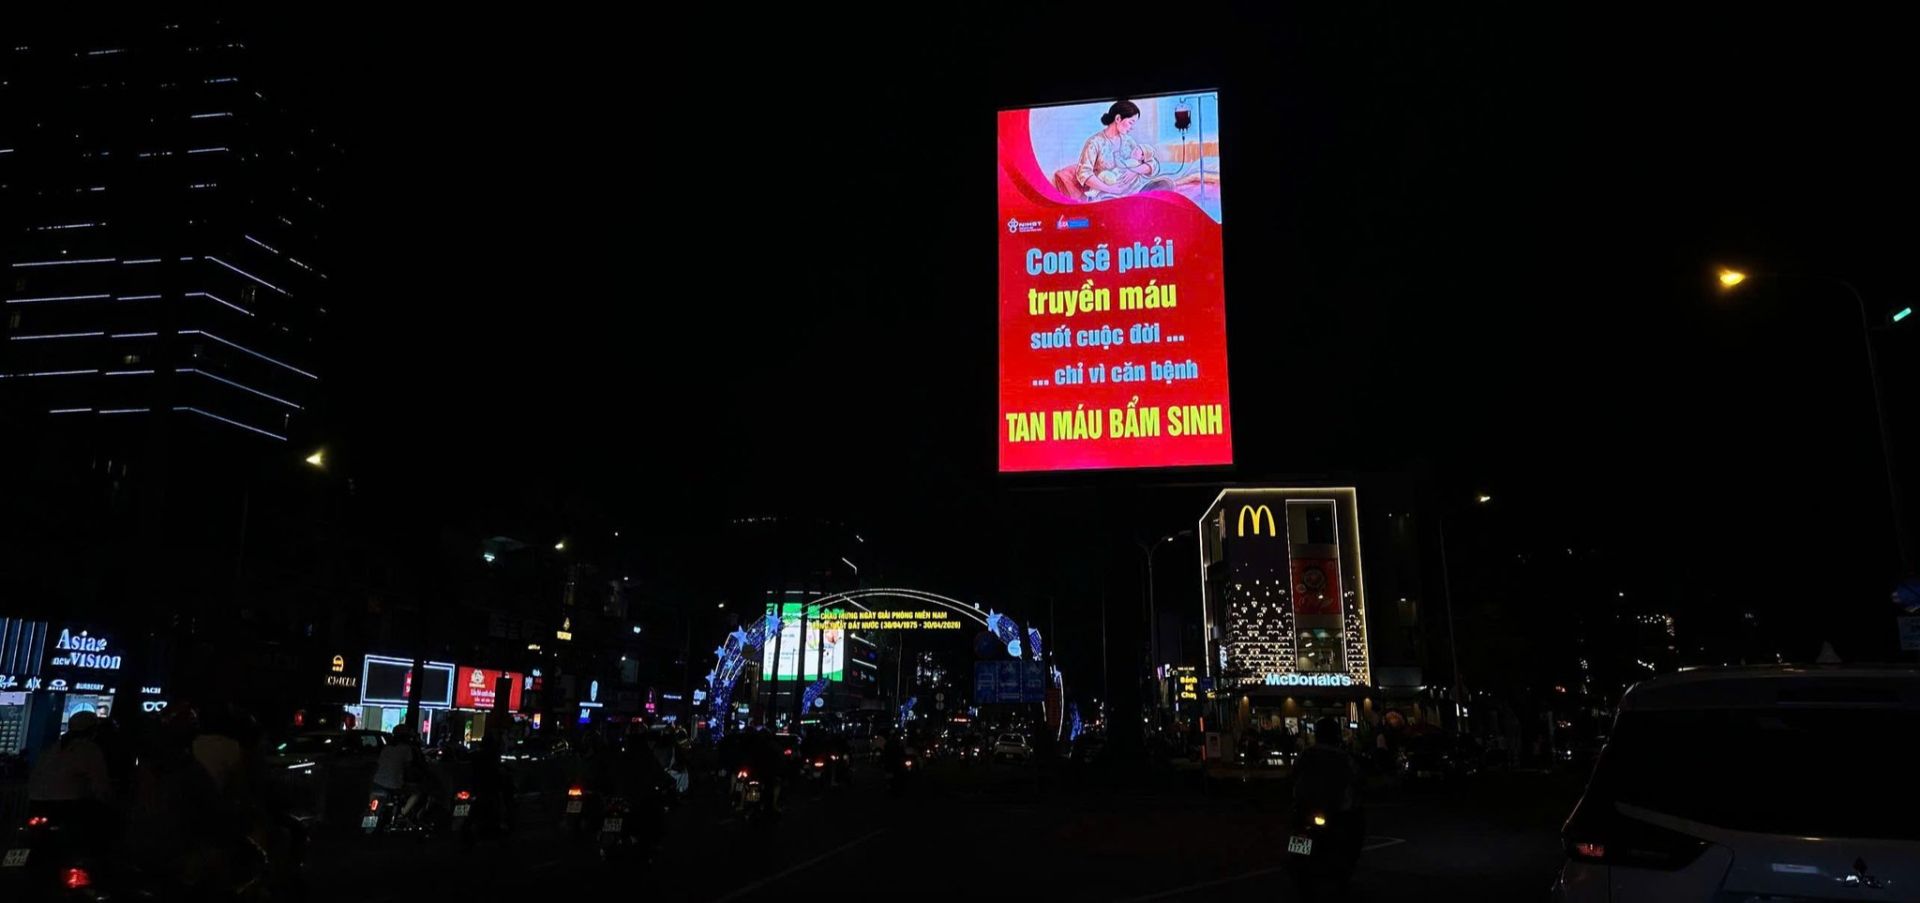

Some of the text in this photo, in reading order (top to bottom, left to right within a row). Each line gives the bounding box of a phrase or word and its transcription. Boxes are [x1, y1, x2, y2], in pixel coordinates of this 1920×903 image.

[1026, 236, 1175, 276] Con sẽ phải
[1028, 280, 1177, 317] truyền máu
[1031, 325, 1072, 350] suốt
[1077, 326, 1124, 351] cuộc
[1130, 323, 1161, 345] đời
[1055, 360, 1083, 385] chỉ
[1088, 361, 1106, 383] vì
[1111, 361, 1145, 383] căn
[1151, 359, 1198, 385] bệnh
[1006, 395, 1223, 442] TAN MÁU BẨM SINH
[932, 611, 947, 619] NAM
[56, 628, 98, 652] Asia
[1265, 672, 1352, 686] McDonald's

-------

**EXERCISE BRIEF**
Return the data exactly as it stands, minus the pictures.

**OUTPUT**
Some of the text in this photo, in reading order (top to bottom, left to right within a row). Each line gives the bounding box of a phrase or word and its transcription. Boxes are [x1, y1, x2, y2], in pixel coordinates of this 1920×903 image.

[1026, 236, 1175, 276] Con sẽ phải
[1028, 280, 1177, 317] truyền máu
[1031, 325, 1072, 350] suốt
[1077, 326, 1124, 351] cuộc
[1130, 323, 1161, 345] đời
[1055, 360, 1083, 385] chỉ
[1088, 361, 1106, 383] vì
[1111, 361, 1145, 383] căn
[1151, 359, 1198, 385] bệnh
[1006, 395, 1223, 442] TAN MÁU BẨM SINH
[932, 611, 947, 619] NAM
[56, 628, 98, 652] Asia
[1265, 672, 1352, 686] McDonald's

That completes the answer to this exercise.